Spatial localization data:

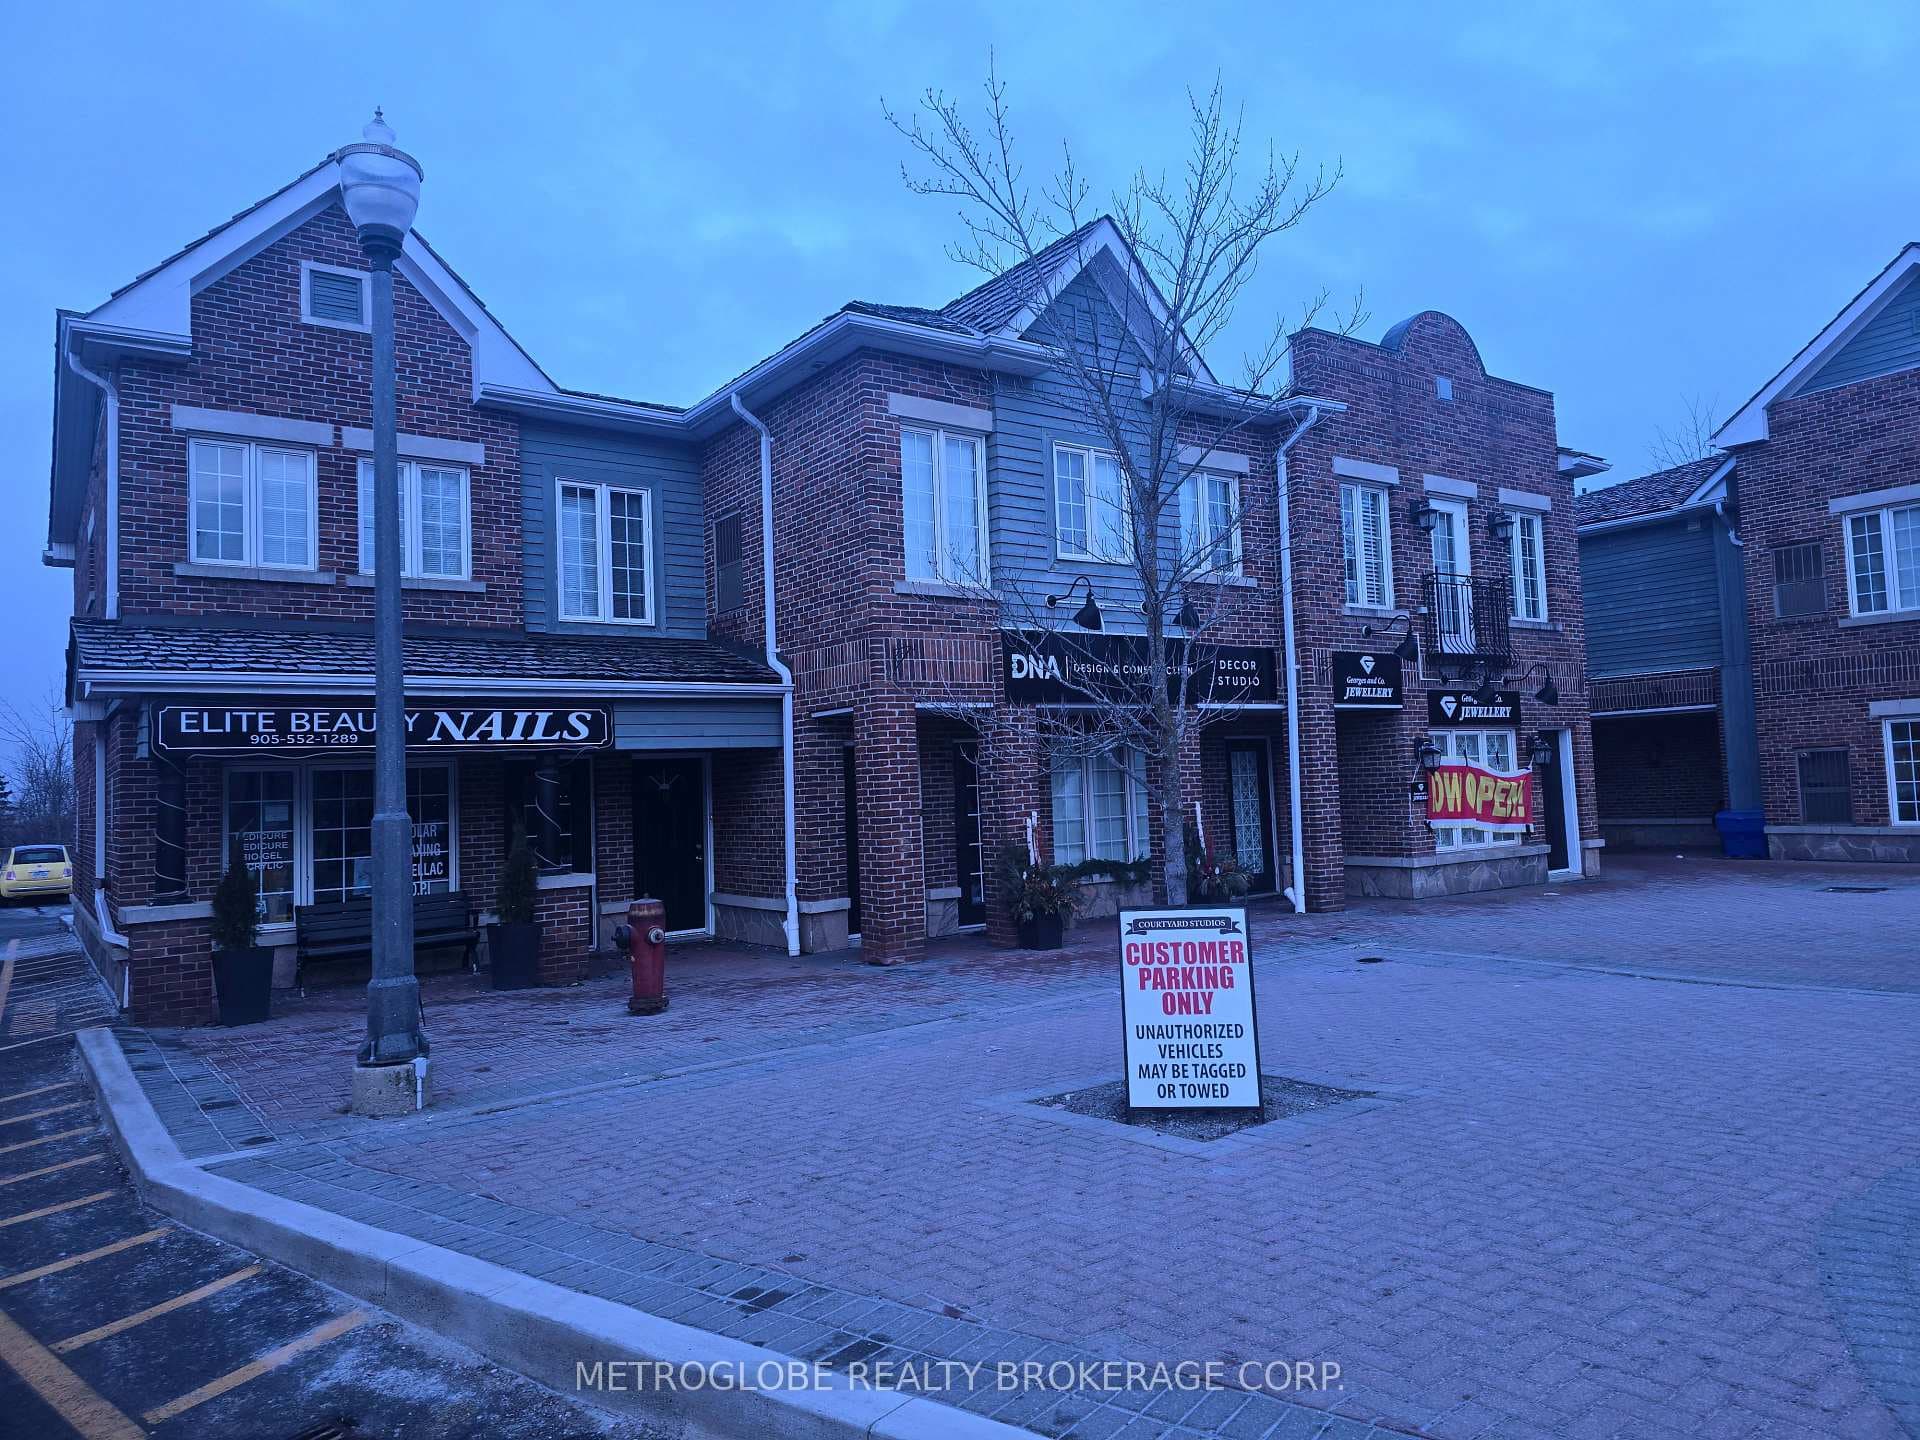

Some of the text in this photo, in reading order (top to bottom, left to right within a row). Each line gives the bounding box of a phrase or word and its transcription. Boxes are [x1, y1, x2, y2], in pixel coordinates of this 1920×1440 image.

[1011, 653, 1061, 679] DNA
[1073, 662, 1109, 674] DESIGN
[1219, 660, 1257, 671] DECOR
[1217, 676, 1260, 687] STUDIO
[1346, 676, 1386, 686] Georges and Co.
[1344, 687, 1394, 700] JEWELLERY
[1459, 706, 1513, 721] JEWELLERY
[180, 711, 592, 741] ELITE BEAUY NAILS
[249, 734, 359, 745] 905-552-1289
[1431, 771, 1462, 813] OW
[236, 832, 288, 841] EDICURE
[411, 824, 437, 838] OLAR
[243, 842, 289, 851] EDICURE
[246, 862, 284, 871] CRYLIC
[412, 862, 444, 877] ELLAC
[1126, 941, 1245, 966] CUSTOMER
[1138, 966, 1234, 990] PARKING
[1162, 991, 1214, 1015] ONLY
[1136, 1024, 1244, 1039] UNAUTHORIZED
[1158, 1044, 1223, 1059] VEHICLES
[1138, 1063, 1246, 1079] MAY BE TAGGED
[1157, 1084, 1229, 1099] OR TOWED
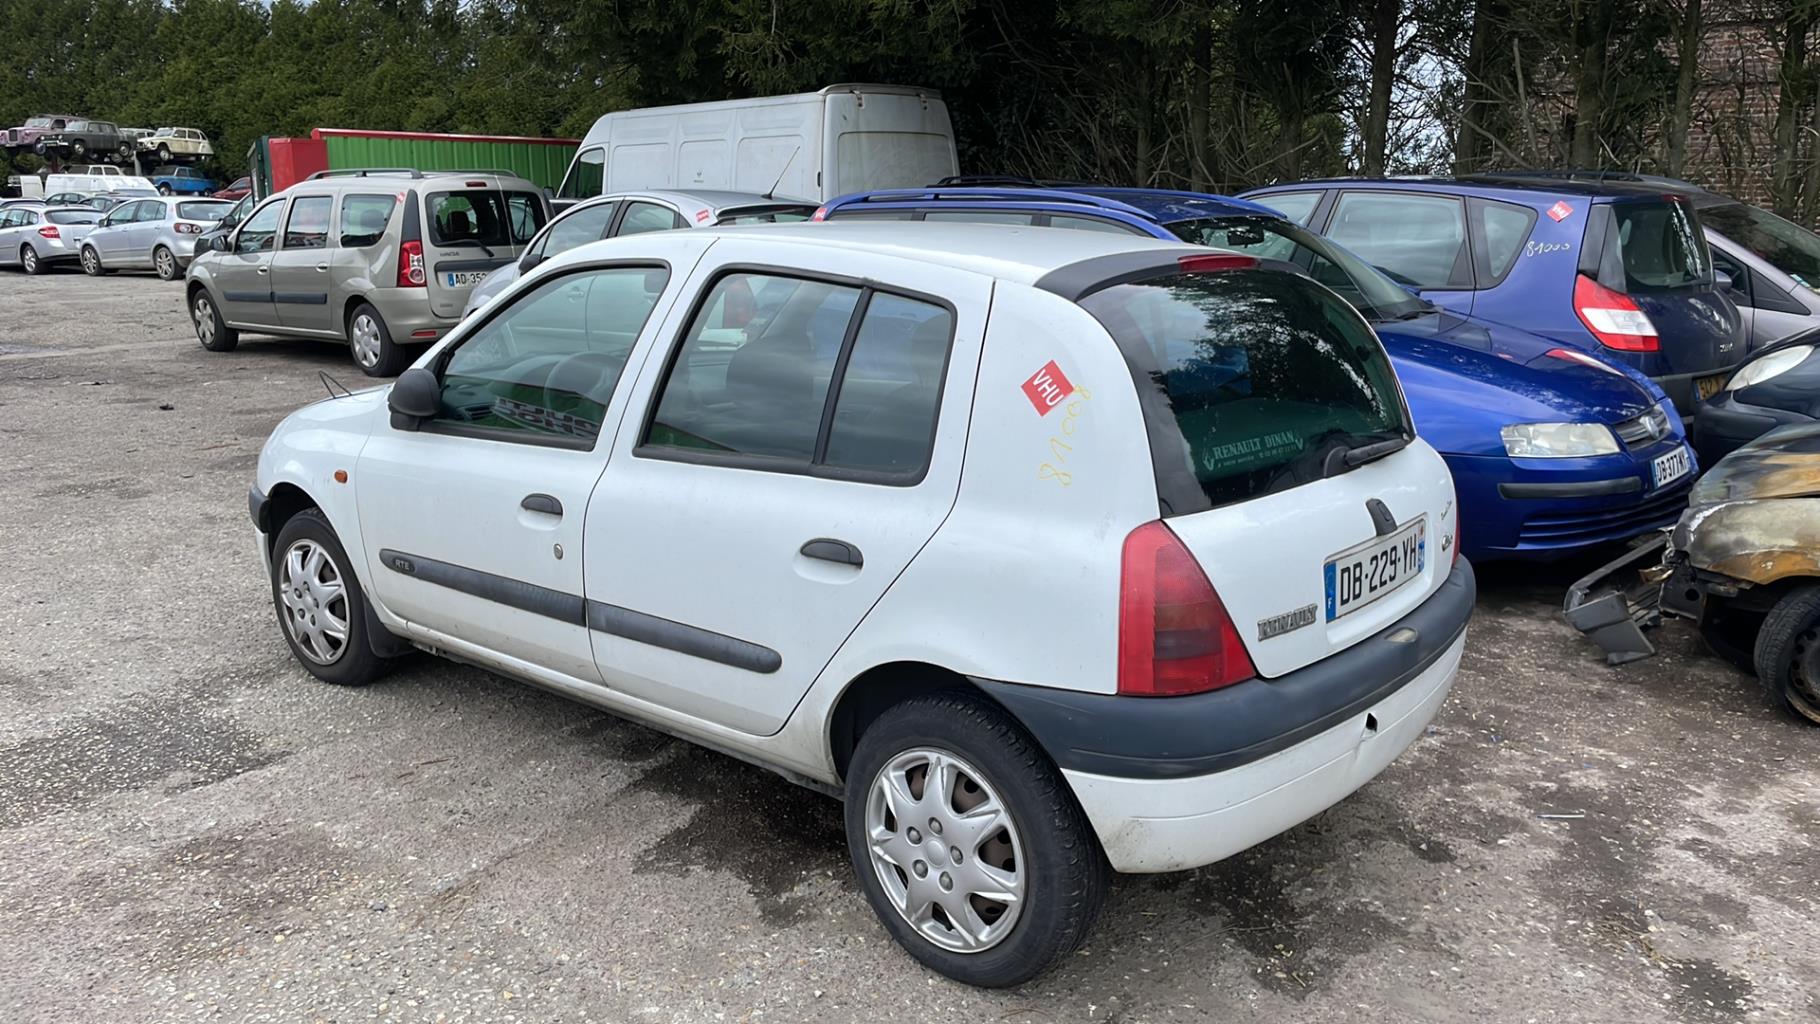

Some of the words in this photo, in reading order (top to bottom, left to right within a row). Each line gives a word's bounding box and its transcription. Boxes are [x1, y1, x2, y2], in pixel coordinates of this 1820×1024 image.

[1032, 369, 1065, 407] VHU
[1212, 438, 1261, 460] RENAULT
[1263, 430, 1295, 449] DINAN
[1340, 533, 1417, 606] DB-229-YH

■ EXERCISE PROMPT
Copy the records exactly, minus any pictures.

■ ANSWER TO THIS TASK
Some of the text in this photo, in reading order (top to bottom, left to right within a row). Each line gives the bounding box of a phrase or word and its transcription. Boxes are [x1, y1, x2, y2], in pixel coordinates of this 1920×1440 image.

[1011, 653, 1061, 679] DNA
[1073, 662, 1109, 674] DESIGN
[1219, 660, 1257, 671] DECOR
[1217, 676, 1260, 687] STUDIO
[1346, 676, 1386, 686] Georges and Co.
[1344, 687, 1394, 700] JEWELLERY
[1459, 706, 1513, 721] JEWELLERY
[180, 711, 592, 741] ELITE BEAUY NAILS
[249, 734, 359, 745] 905-552-1289
[1431, 771, 1462, 813] OW
[236, 832, 288, 841] EDICURE
[411, 824, 437, 838] OLAR
[243, 842, 289, 851] EDICURE
[246, 862, 284, 871] CRYLIC
[412, 862, 444, 877] ELLAC
[1126, 941, 1245, 966] CUSTOMER
[1138, 966, 1234, 990] PARKING
[1162, 991, 1214, 1015] ONLY
[1136, 1024, 1244, 1039] UNAUTHORIZED
[1158, 1044, 1223, 1059] VEHICLES
[1138, 1063, 1246, 1079] MAY BE TAGGED
[1157, 1084, 1229, 1099] OR TOWED

Some of the words in this photo, in reading order (top to bottom, left to right within a row). Each line gives a word's bounding box and its transcription. Boxes are [x1, y1, x2, y2], in pixel coordinates of this 1820×1024 image.

[1032, 369, 1065, 407] VHU
[1212, 438, 1261, 460] RENAULT
[1263, 430, 1295, 449] DINAN
[1340, 533, 1417, 606] DB-229-YH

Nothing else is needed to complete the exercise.